__What this task involves__. Leaving the pictures aside, repeat every line below exactly.

[Record excerpts — start]

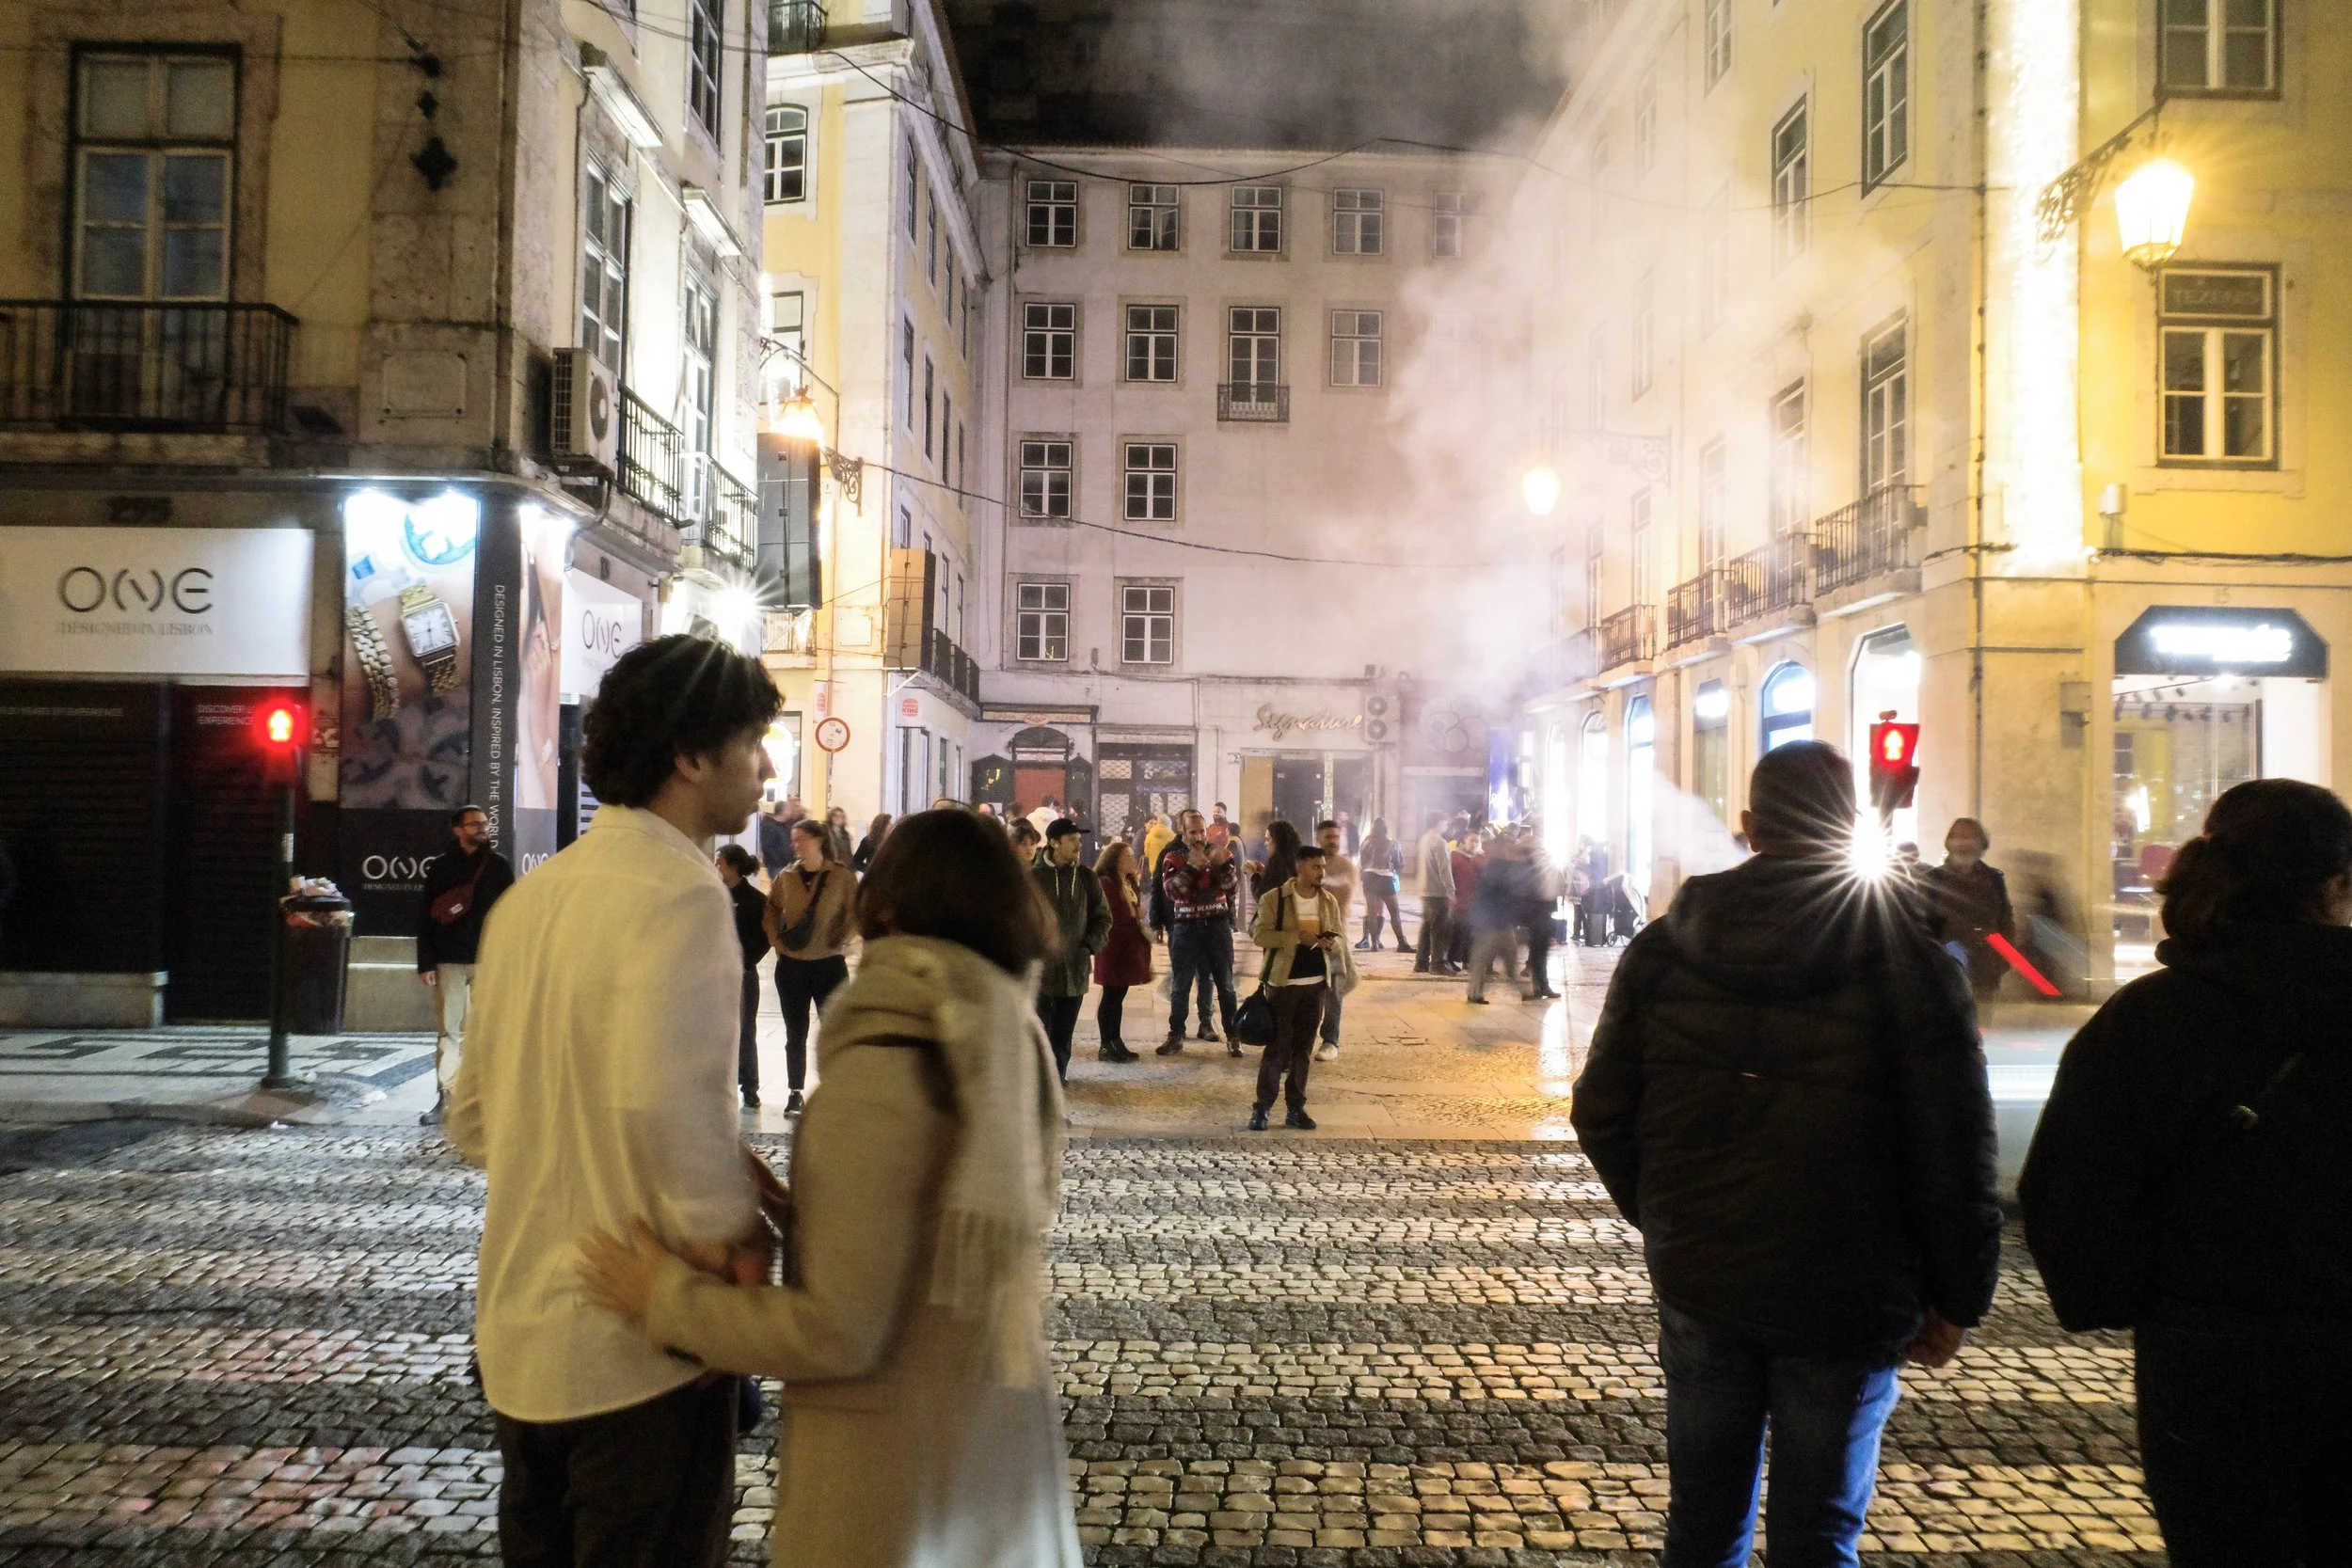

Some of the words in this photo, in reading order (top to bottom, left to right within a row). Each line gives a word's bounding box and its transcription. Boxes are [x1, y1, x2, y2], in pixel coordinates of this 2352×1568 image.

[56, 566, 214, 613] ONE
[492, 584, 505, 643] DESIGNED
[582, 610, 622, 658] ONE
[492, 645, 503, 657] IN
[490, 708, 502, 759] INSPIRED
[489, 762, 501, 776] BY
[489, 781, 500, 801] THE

[Record excerpts — finish]

__Task result__.
Some of the words in this photo, in reading order (top to bottom, left to right within a row). Each line gives a word's bounding box and its transcription. Boxes are [x1, y1, x2, y2], in pixel coordinates of this 2352×1568 image.

[56, 566, 214, 613] ONE
[492, 584, 505, 643] DESIGNED
[582, 610, 622, 658] ONE
[492, 645, 503, 657] IN
[490, 708, 502, 759] INSPIRED
[489, 762, 501, 776] BY
[489, 781, 500, 801] THE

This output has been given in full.